Task instructions. Your task is to print every entry below exactly as given.

━━━━━━

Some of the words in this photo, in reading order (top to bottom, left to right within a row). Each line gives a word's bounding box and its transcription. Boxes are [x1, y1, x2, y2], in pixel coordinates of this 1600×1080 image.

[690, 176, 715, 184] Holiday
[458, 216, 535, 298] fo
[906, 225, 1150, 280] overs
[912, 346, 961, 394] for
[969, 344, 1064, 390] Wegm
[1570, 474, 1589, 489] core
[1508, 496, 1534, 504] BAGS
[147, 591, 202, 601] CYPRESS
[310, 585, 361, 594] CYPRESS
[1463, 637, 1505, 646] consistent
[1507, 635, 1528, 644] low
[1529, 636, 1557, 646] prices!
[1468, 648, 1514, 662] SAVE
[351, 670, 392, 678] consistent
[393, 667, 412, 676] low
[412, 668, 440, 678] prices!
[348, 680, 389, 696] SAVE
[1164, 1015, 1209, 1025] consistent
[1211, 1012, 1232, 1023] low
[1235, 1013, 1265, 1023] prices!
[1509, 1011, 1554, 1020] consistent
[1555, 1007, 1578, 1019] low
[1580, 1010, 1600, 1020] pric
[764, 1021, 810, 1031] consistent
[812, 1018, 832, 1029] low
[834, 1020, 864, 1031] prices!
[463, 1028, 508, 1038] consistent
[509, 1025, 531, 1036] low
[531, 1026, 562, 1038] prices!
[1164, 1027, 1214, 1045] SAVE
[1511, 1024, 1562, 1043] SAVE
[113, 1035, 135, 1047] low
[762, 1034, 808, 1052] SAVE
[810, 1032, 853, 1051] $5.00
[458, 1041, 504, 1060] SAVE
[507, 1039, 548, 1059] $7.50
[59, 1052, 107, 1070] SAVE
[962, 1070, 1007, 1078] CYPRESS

━━━━━━

Task answer.
Some of the words in this photo, in reading order (top to bottom, left to right within a row). Each line gives a word's bounding box and its transcription. Boxes are [x1, y1, x2, y2], in pixel coordinates of this 1600×1080 image.

[690, 176, 715, 184] Holiday
[458, 216, 535, 298] fo
[906, 225, 1150, 280] overs
[912, 346, 961, 394] for
[969, 344, 1064, 390] Wegm
[1570, 474, 1589, 489] core
[1508, 496, 1534, 504] BAGS
[147, 591, 202, 601] CYPRESS
[310, 585, 361, 594] CYPRESS
[1463, 637, 1505, 646] consistent
[1507, 635, 1528, 644] low
[1529, 636, 1557, 646] prices!
[1468, 648, 1514, 662] SAVE
[351, 670, 392, 678] consistent
[393, 667, 412, 676] low
[412, 668, 440, 678] prices!
[348, 680, 389, 696] SAVE
[1164, 1015, 1209, 1025] consistent
[1211, 1012, 1232, 1023] low
[1235, 1013, 1265, 1023] prices!
[1509, 1011, 1554, 1020] consistent
[1555, 1007, 1578, 1019] low
[1580, 1010, 1600, 1020] pric
[764, 1021, 810, 1031] consistent
[812, 1018, 832, 1029] low
[834, 1020, 864, 1031] prices!
[463, 1028, 508, 1038] consistent
[509, 1025, 531, 1036] low
[531, 1026, 562, 1038] prices!
[1164, 1027, 1214, 1045] SAVE
[1511, 1024, 1562, 1043] SAVE
[113, 1035, 135, 1047] low
[762, 1034, 808, 1052] SAVE
[810, 1032, 853, 1051] $5.00
[458, 1041, 504, 1060] SAVE
[507, 1039, 548, 1059] $7.50
[59, 1052, 107, 1070] SAVE
[962, 1070, 1007, 1078] CYPRESS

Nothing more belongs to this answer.